Referring expression grounding data
[Start of section]

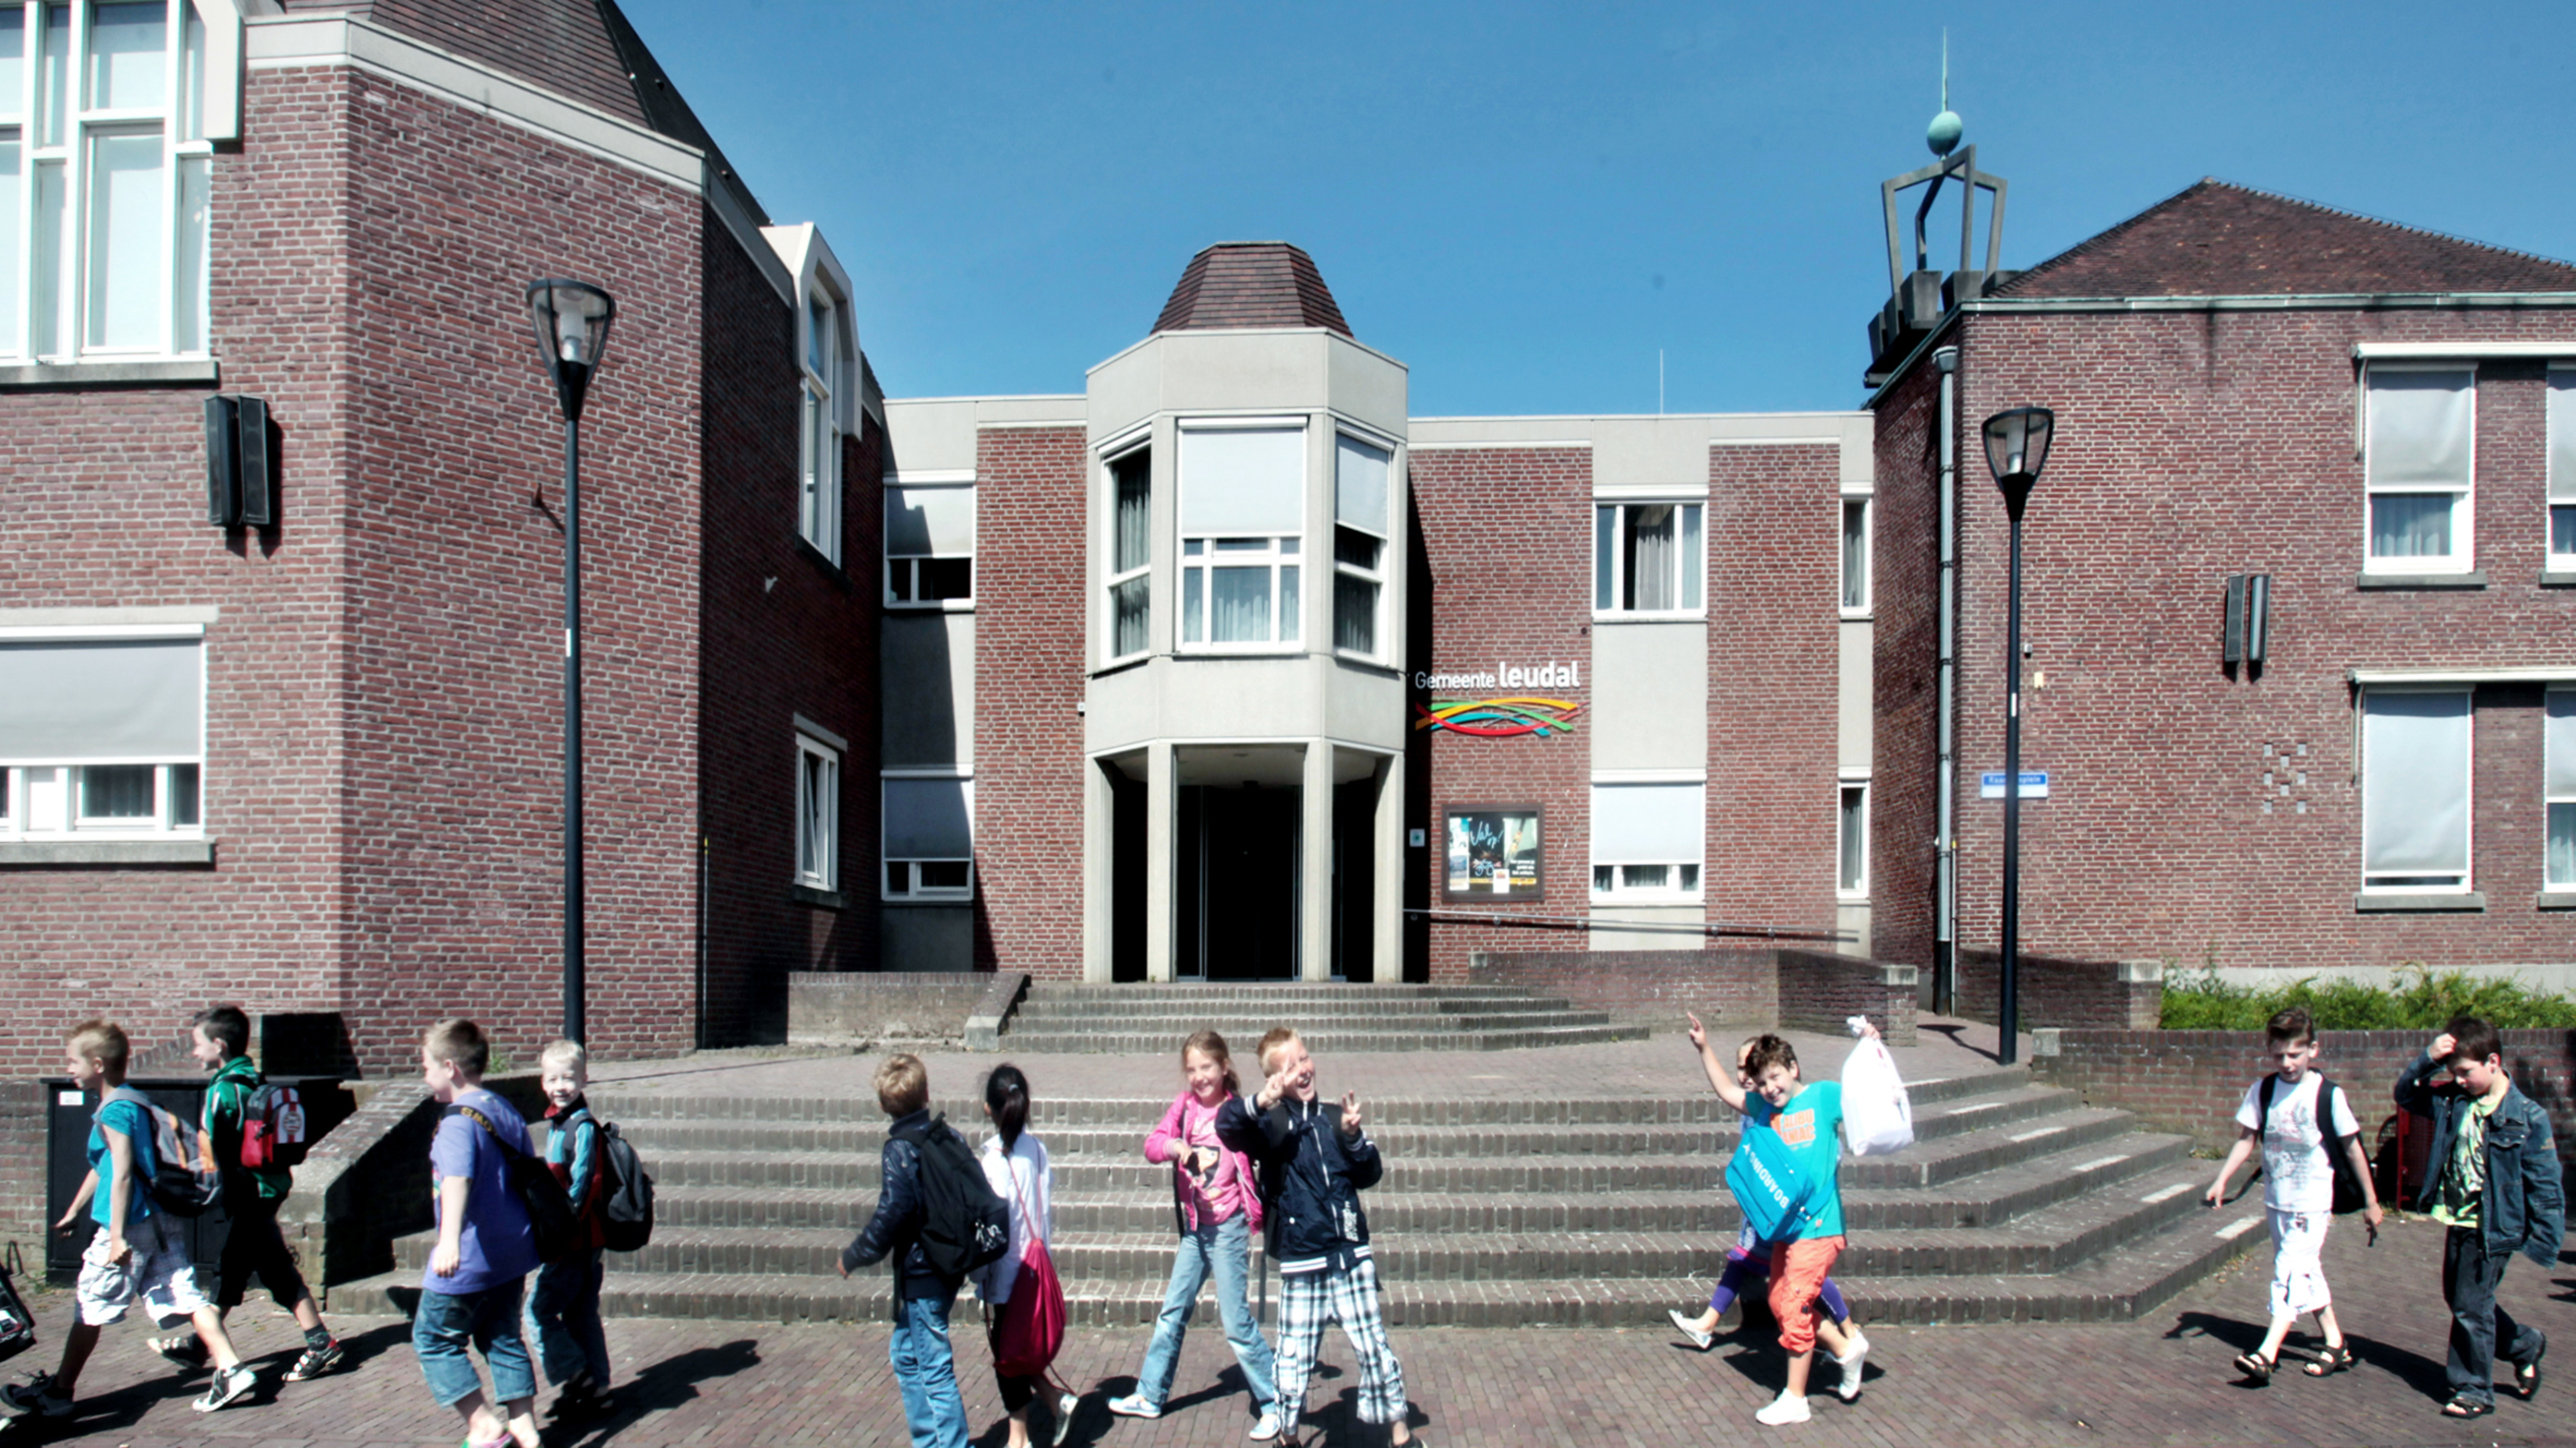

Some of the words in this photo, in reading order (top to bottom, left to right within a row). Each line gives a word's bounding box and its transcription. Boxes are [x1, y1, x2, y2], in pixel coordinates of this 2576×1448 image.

[1415, 671, 1496, 689] Gemeente
[1499, 661, 1580, 688] leudal
[1470, 820, 1493, 846] Val
[1750, 1151, 1790, 1209] BOARDING
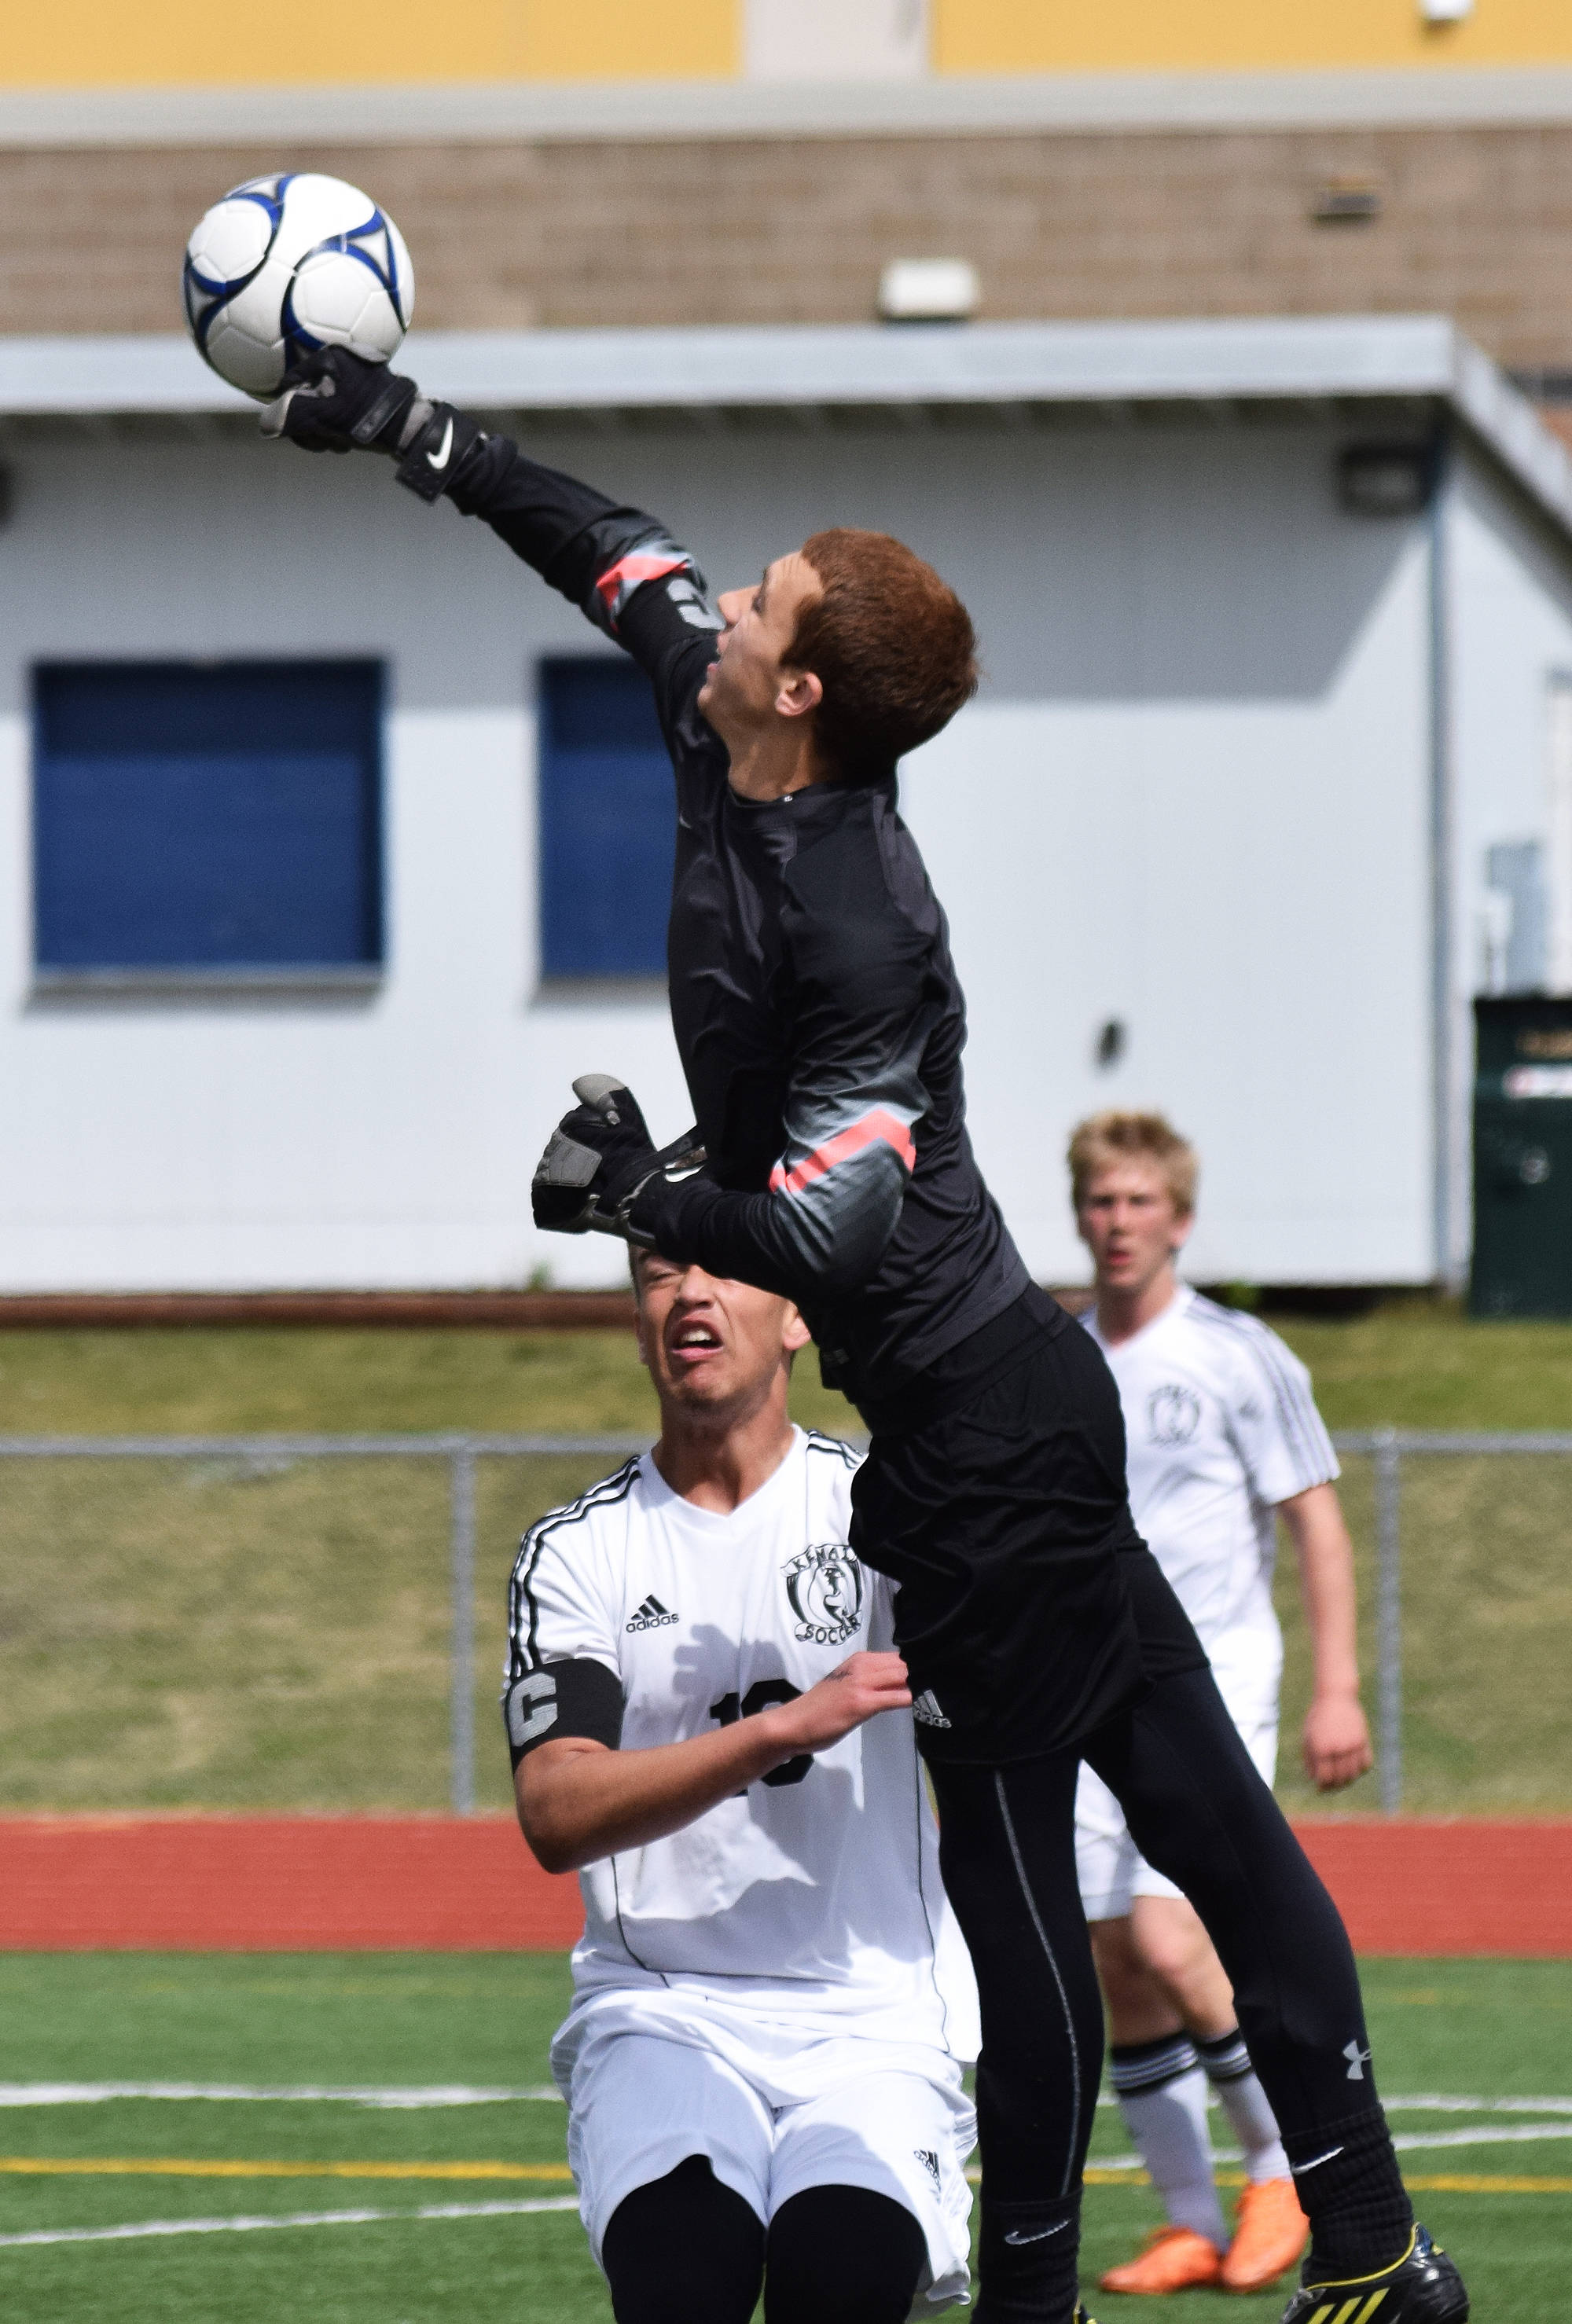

[End of section]

▶ [Problem to solve]:
Set down every entry word for word, but omit the pictures.

▶ [Written solution]:
Some of the words in this photo, in reading order (top to bottom, left to right within a row). Each line gives a word's bounding box and its transcription. Boxes are [x1, y1, x2, y2], in pixel coordinates of this 2576×1448 image.

[1415, 671, 1496, 689] Gemeente
[1499, 661, 1580, 688] leudal
[1470, 820, 1493, 846] Val
[1750, 1151, 1790, 1209] BOARDING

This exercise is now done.